Senin 22 Sep 2014 16:30 WIB
Sudut Pandang

Serangan Gugup

Red:

Musim panas 1994 menjadi mimpi buruk bagi Roberto Baggio. Pemain terbaik dunia 1993 itu berdiri diam dengan tangan di pinggang. Baggio baru saja gagal melakukan tendangan penalti. Lebih dari 94 ribu pasang mata yang memadati Rose Bowl, Pasadena, Amerika Serikat, menjadi saksi sejarah bola hasil tendangan Baggio melambung di atas mistar gawang.

Jutaan penggemar Baggio, termasuk mereka yang rela begadang melihat aksinya lewat layar kaca di Indonesia, terkejut dengan kegagalan itu. Baggio merupakan pemain yang nyaris tanpa cela sebelum membela Italia menghadapi Brasil di final Piala Dunia 20 tahun lalu. Kegagalan itu menjadi bayang-bayang hitam sepanjang sisa karier Baggio.

Namun, tidak semua pemain atau olahragawan gagal mengatasi kegugupan seperti halnya Baggio. Ada juga yang berhasil membalik kegugupan menjadi kemenangan. Saya teringat pertandingan final turnamen tenis Prancis Terbuka 2014 antara petenis asal Rusia, Maria Sharavopa, dan Simona Halep asal Rumania.

Sharapova terlihat gugup. Sharapova terkenal dengan kebiasaannya membalikkan badan ke arah penonton, menunduk, dan bergumam setiap kali dia gugup. Kala itu, permainan petenis berusia 27 tahun itu juga bukan tanpa cela. Dia mencatatkan 52 unforced errors atau kesalahan sendiri. Tapi, Sharapova tidak membiarkan kegugupan mengalahkannya. Kemenangan 6-4, 6-7, 6-4 atas Halep mengantarkannya merengkuh titel Prancis Terbuka yang kedua.

Kegagalan Baggio atau keberhasilan Sharapova menunjukkan serangan panik atau kegugupan merupakan hal yang akrab terjadi di dunia olahraga. Setiap atlet harus akrab dengan suasana tegang di lapangan. Kegugupan akan meningkat ketika sang pemain harus menghadapi laga dan turnamen penting.

Terkadang, para pemain gagal mengatasi kegugupan dan menjadikannya beban. Kadang-kadang, artinya tidak selalu gagal. Lalu, bagaimana kalau pemain selalu gagal mengatasi kegugupan?
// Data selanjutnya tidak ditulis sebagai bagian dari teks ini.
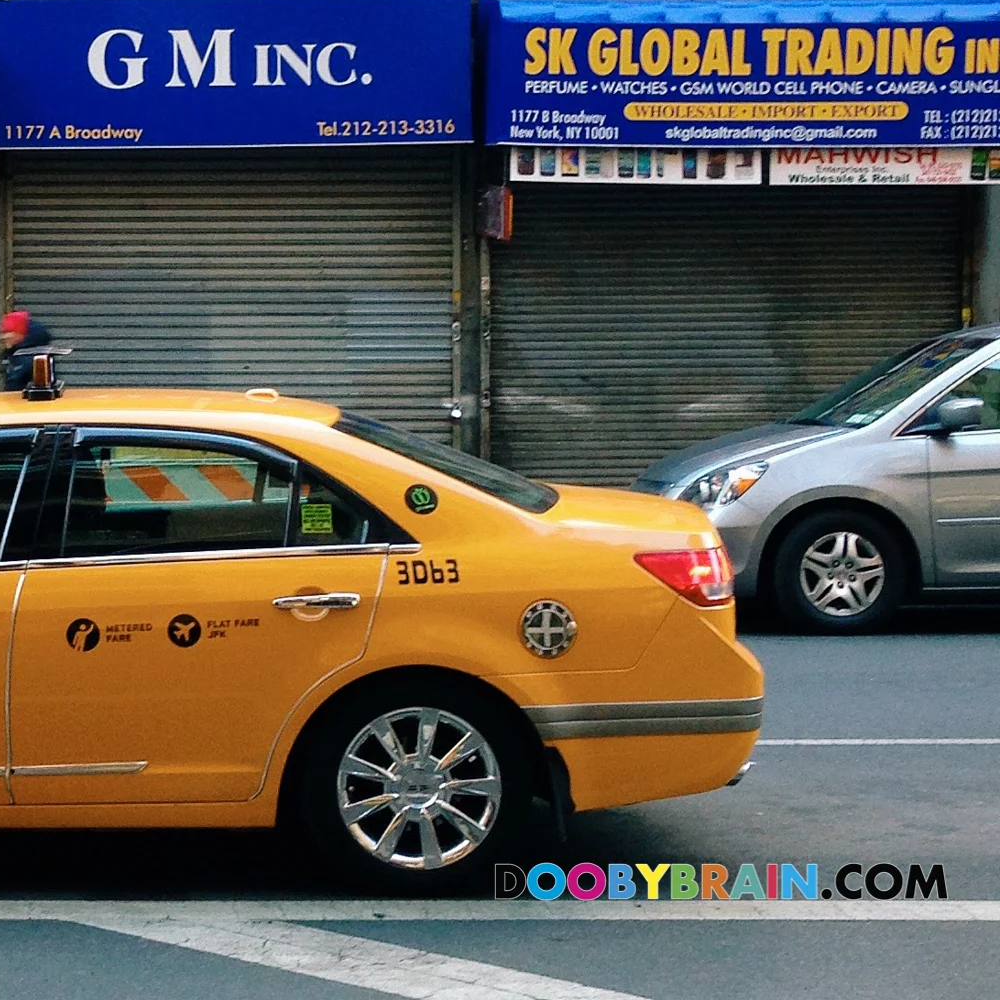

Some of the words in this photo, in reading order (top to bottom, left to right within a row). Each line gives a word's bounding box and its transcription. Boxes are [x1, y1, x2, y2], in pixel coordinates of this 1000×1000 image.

Ini mungkin menjadi pertanyaan yang kerap muncul di benak penonton bulu tangkis Indonesia.

Entah berapa pertandingan menjadi bukti kegagalan pemain Indonesia mengatasi kegugupan. Dalam beberapa pertandingan, pemain Indonesia sempat berhasil menyamakan kedudukan, sempat unggul, sempat memimpin, atau sempat memaksakan rubber game. Tapi, itu tadi, para pebulu tangkis Indonesia hanya "sempat memimpin" atau "sempat unggul", tetapi tidak berhasil memenangkan pertandingan. Pertandingan selalu menjadi milik tim lawan, negara lain.

Begitu pula ketika menyaksikan tim bulu tangkis putra dan putri Indonesia yang tersingkir dari perempat final Asian Games 2014 di Incheon, Korea Selatan. Ini merupakan hasil terburuk karena tim bulu tangkis putra Indonesia tidak pernah gagal menyumbang medali sejak 1966.

Kegagalan Indonesia, khususnya tim putra, karena Tommy Sugiarto dan ganda putra Angga Pratama/Rian Agung Saputro gagal menyumbang poin. Angga/Rian, keduanya pebulu tangkis muda, sempat digadang-gadang bakal jadi the next big thing dalam ganda putra Indonesia. Tapi, penampilannya melempem beberapa tahun terakhir.

Kegagalan menyumbang poin dalam nomor beregu putra Asian Games 2014 menjadi puncak. PB PBSI mungkin membaca gelagat kedua pasangan muda itu gagal berkembang karena ketidakberhasilan mengatasi tekanan.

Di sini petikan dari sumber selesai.